C’est un héritage de la période stalinienne de la CGT, quand le stalinisme était puissant dans la classe ouvrière, de 1945 aux années 1990. Disposer d’un service d’ordre aguerri a été plus d’une fois utile pour aider des salarié·es à défendre leur piquet de grève contre des nervis patronaux, ou pour imposer le respect à la police dans des manifestations de rue régulièrement interdites jusqu’en 68. Dans la foulée de Mai 68, où la direction stalinienne de la CGT et du PCF avait tout fait pour freiner le mouvement révolutionnaire et le limiter à des revendications classiques, les militants PCF-CGT les plus obtus faisaient « la chasse aux gauchistes » aux portes et jusqu’à l’intérieur des entreprises. Ils se retrouvaient au SO pour « faire la police » dans les manifestations syndicales et politiques.
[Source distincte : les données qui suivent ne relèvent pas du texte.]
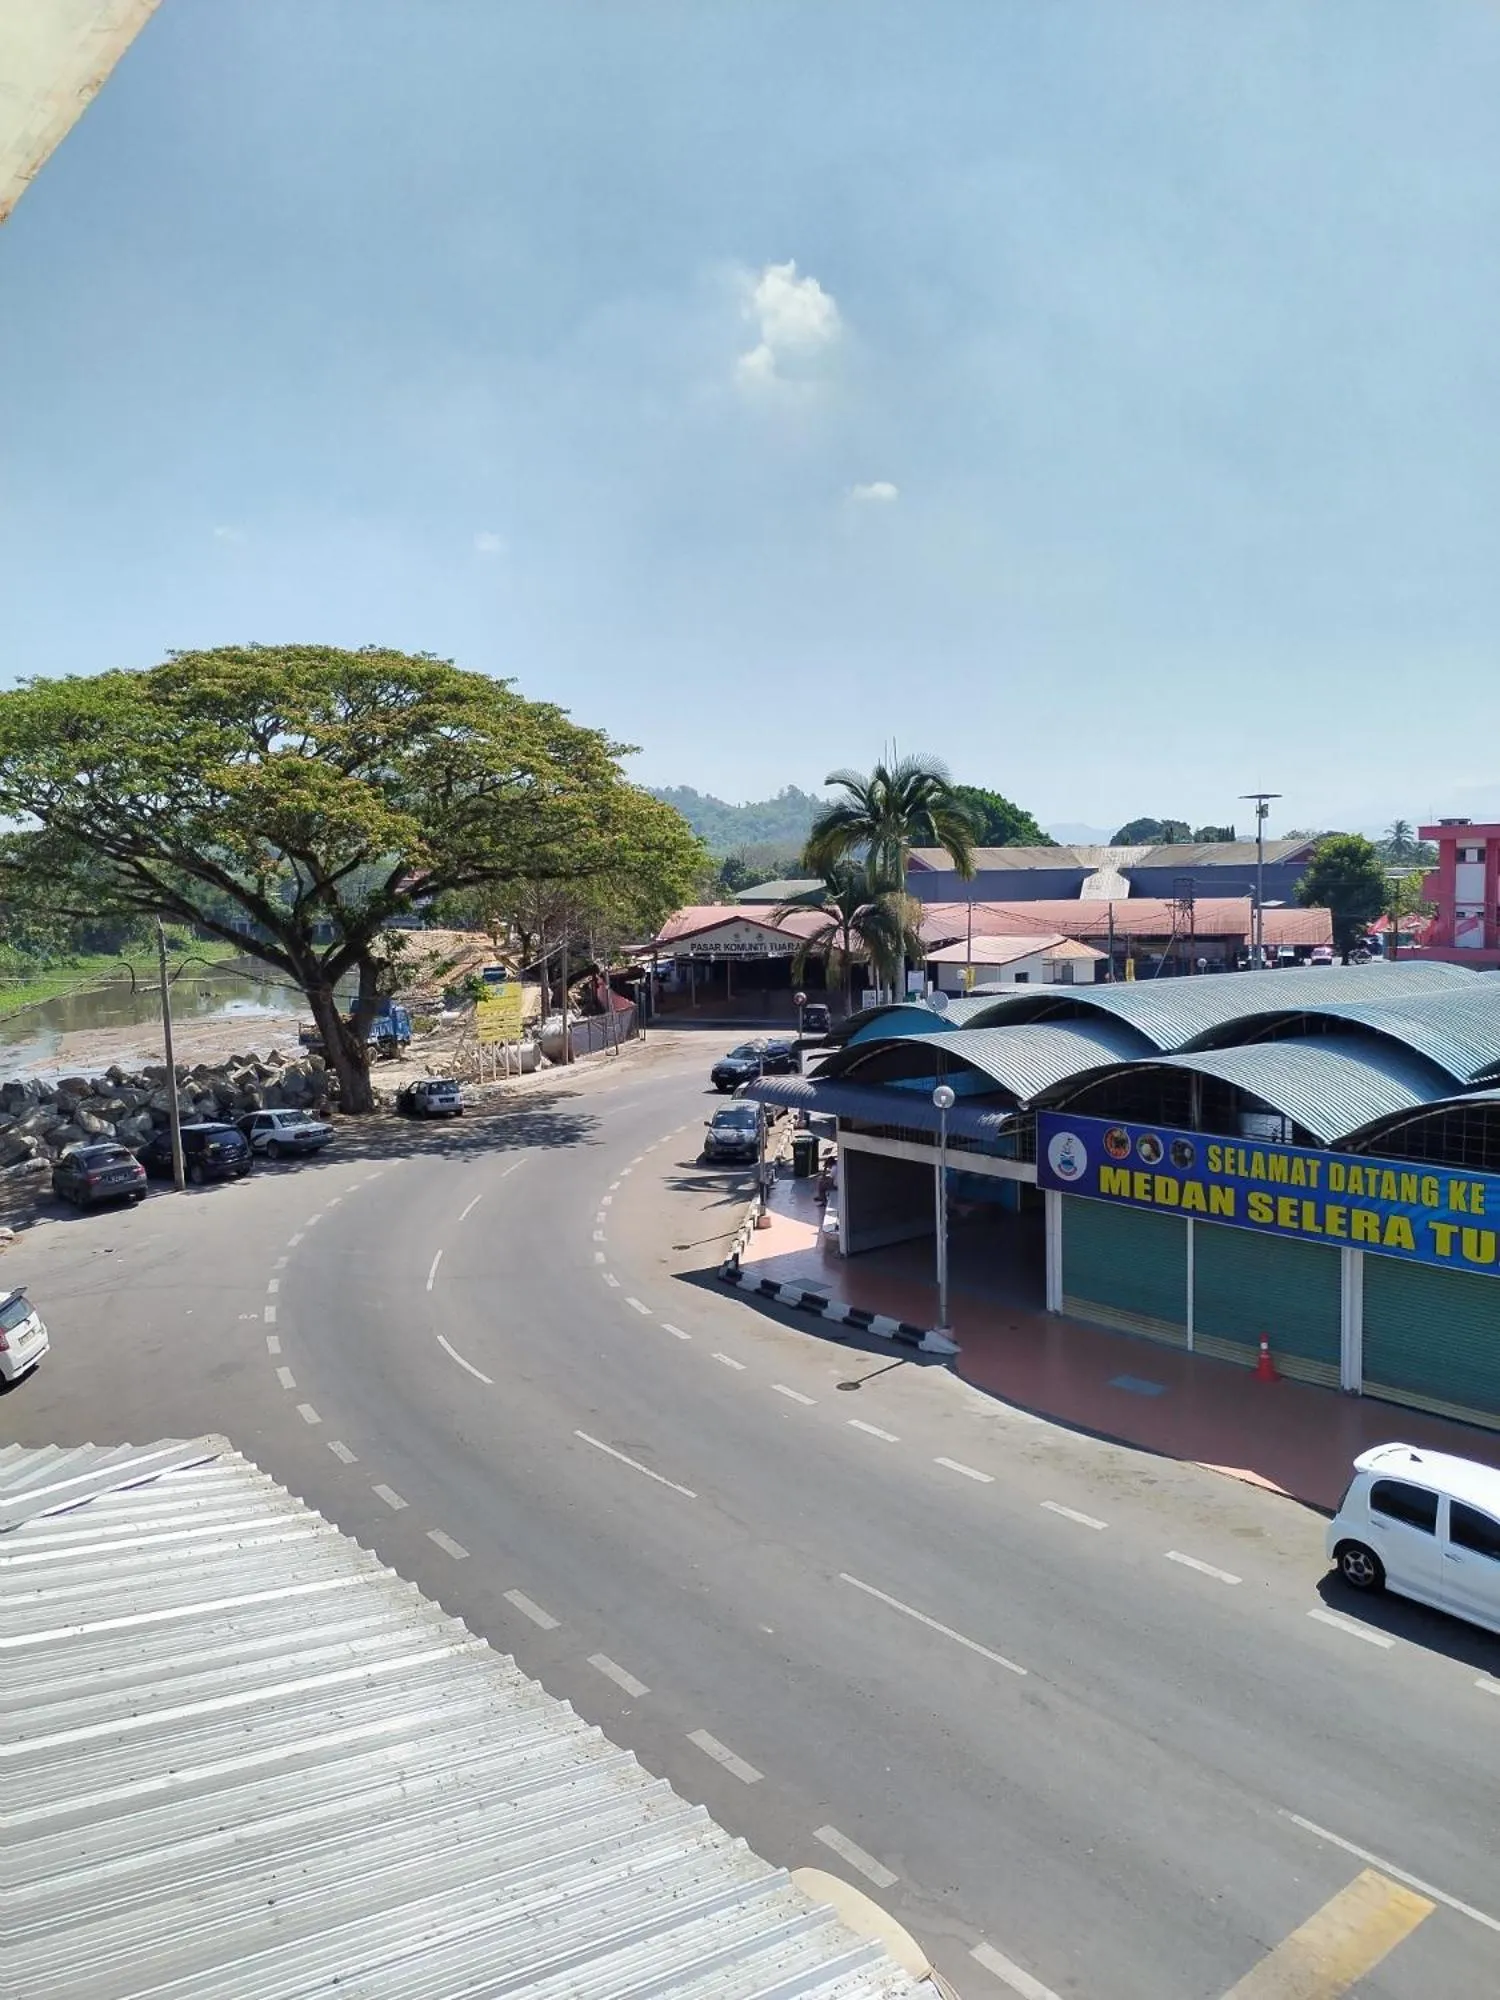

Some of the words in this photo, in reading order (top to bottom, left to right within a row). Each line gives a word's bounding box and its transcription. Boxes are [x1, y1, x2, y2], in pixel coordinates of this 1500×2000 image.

[690, 943, 721, 952] PASAR
[723, 943, 767, 952] KOMUNITI
[769, 943, 802, 952] TUARA
[1099, 1165, 1235, 1217] MEDAN
[1247, 1191, 1416, 1250] SELERA
[1429, 1221, 1499, 1265] TU
[1207, 1144, 1321, 1189] SELAMAT
[1328, 1162, 1440, 1208] DATANG
[1449, 1179, 1486, 1216] KE
Ces pratiques indéfendables ont perduré avec des phases plus ou moins violentes jusque dans les années 1990. Entrecoupées de « paix des braves » signées avec la LCR dans les années 1980, ou avec la CNT au début des années 2000.
Quelle a été l’évolution dans les années 1990-2010 ?
L’effondrement des pays du « socialisme réel » et la désillusion née du gouvernement PS-PCF de 1981 a fortement affaibli et désorienté la CGT, comme le PCF, faisant reculer leur sectarisme. C’est dans les années 1990 que les cortèges du PCF dans la rue ont été, pour la première fois, inférieurs à ceux de l’extrême-gauche.
Dans les années 2000-2010, alors que les forces vives de la CGT se sont effritées, le SO traditionnel s’efface, se limitant à une simple protection du carré de tête. Entre pragmatisme et révolution politique, les responsables francilien du SO font peu à peu évoluer la doctrine : expulsion du SO de certains militants trop impulsifs, interdiction de l’alcool, protection du cortège syndical sans tenter de « faire la police » à l’extérieur.
Comment les manifs de 2016-2017 ont-elles marqué un tournant ?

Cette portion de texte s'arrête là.